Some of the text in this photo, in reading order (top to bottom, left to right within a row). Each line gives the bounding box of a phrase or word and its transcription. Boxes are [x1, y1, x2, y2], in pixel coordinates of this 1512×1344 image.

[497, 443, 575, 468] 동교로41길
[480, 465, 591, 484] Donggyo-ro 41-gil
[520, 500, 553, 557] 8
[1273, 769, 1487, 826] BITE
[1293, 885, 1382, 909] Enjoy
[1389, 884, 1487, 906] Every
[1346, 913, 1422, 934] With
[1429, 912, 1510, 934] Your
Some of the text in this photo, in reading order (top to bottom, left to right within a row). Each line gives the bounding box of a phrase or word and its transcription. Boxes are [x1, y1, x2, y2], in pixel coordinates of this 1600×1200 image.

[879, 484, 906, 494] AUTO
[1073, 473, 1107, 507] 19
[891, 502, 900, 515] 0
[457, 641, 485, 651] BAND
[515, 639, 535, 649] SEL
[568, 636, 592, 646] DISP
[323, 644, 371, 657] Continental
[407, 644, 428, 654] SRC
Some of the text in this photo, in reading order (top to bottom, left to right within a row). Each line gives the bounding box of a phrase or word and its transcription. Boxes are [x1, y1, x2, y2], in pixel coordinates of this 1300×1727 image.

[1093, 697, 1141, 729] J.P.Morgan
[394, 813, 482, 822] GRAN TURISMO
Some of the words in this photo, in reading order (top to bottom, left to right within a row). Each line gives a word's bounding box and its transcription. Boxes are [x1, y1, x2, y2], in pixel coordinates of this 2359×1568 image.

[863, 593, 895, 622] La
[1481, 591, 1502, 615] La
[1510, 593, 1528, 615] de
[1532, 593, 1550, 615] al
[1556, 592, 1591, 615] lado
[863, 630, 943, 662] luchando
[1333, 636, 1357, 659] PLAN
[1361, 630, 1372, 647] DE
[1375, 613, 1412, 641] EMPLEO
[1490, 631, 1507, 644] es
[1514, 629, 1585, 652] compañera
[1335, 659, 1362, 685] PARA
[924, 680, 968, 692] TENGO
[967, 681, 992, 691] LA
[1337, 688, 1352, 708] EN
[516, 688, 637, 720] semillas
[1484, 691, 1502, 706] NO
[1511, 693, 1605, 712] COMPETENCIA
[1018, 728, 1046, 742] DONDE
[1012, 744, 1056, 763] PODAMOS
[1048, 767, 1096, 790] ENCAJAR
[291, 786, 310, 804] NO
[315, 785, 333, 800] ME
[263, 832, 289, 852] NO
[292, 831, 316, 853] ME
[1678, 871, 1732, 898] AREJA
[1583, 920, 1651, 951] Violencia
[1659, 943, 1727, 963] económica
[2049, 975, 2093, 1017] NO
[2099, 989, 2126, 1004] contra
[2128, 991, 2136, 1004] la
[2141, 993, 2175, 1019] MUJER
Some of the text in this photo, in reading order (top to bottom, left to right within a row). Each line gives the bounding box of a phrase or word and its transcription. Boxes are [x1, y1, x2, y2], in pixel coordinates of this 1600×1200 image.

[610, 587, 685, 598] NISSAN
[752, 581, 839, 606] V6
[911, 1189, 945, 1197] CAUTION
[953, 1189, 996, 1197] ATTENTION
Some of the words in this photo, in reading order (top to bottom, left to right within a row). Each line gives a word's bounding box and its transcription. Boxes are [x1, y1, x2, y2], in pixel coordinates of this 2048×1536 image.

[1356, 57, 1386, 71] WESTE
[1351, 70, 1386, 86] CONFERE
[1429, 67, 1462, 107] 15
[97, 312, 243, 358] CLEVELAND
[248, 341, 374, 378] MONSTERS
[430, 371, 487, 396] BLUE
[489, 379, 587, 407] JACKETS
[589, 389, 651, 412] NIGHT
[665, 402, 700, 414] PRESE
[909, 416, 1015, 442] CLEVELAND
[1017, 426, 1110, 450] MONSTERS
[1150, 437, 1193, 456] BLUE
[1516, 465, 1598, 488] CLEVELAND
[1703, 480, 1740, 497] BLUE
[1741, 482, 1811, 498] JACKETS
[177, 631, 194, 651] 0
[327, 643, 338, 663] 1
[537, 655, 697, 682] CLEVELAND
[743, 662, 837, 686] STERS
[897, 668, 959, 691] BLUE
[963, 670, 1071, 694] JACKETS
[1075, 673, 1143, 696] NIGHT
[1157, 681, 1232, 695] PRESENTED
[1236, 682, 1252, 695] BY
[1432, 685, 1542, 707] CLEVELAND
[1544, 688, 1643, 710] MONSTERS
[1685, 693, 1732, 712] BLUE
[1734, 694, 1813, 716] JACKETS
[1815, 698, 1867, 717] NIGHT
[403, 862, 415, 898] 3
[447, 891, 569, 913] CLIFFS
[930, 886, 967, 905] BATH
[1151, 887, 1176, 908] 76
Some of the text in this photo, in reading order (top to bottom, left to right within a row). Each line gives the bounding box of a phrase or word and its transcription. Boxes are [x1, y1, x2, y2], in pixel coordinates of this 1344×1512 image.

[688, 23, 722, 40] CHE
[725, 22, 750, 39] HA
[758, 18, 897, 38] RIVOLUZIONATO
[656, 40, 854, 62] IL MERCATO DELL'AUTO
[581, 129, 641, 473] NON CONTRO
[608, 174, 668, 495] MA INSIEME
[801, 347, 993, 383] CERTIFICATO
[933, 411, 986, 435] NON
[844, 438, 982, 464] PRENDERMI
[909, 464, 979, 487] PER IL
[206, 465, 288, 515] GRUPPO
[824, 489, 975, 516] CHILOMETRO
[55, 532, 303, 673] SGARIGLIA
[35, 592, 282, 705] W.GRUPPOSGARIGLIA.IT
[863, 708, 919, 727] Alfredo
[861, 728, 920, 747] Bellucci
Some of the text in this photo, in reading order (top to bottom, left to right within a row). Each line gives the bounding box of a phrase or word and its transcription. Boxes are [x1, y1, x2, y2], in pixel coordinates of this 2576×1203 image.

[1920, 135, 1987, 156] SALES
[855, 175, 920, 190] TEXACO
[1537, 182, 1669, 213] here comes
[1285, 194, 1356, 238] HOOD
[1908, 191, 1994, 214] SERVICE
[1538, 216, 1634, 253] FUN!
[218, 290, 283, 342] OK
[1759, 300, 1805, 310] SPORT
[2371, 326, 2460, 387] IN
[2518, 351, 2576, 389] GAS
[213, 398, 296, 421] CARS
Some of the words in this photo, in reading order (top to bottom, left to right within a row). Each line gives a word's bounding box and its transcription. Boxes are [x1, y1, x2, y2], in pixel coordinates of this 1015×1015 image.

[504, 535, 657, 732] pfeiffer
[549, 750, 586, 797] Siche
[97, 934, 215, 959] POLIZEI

■ ■ ■

● Description of the task
Exactly reproduce the line containing "this 1015×1015 image." and all lines after it in the material, stopping only at the end.

● Task response
Some of the words in this photo, in reading order (top to bottom, left to right within a row). Each line gives a word's bounding box and its transcription. Boxes are [x1, y1, x2, y2], in pixel coordinates of this 1015×1015 image.

[504, 535, 657, 732] pfeiffer
[549, 750, 586, 797] Siche
[97, 934, 215, 959] POLIZEI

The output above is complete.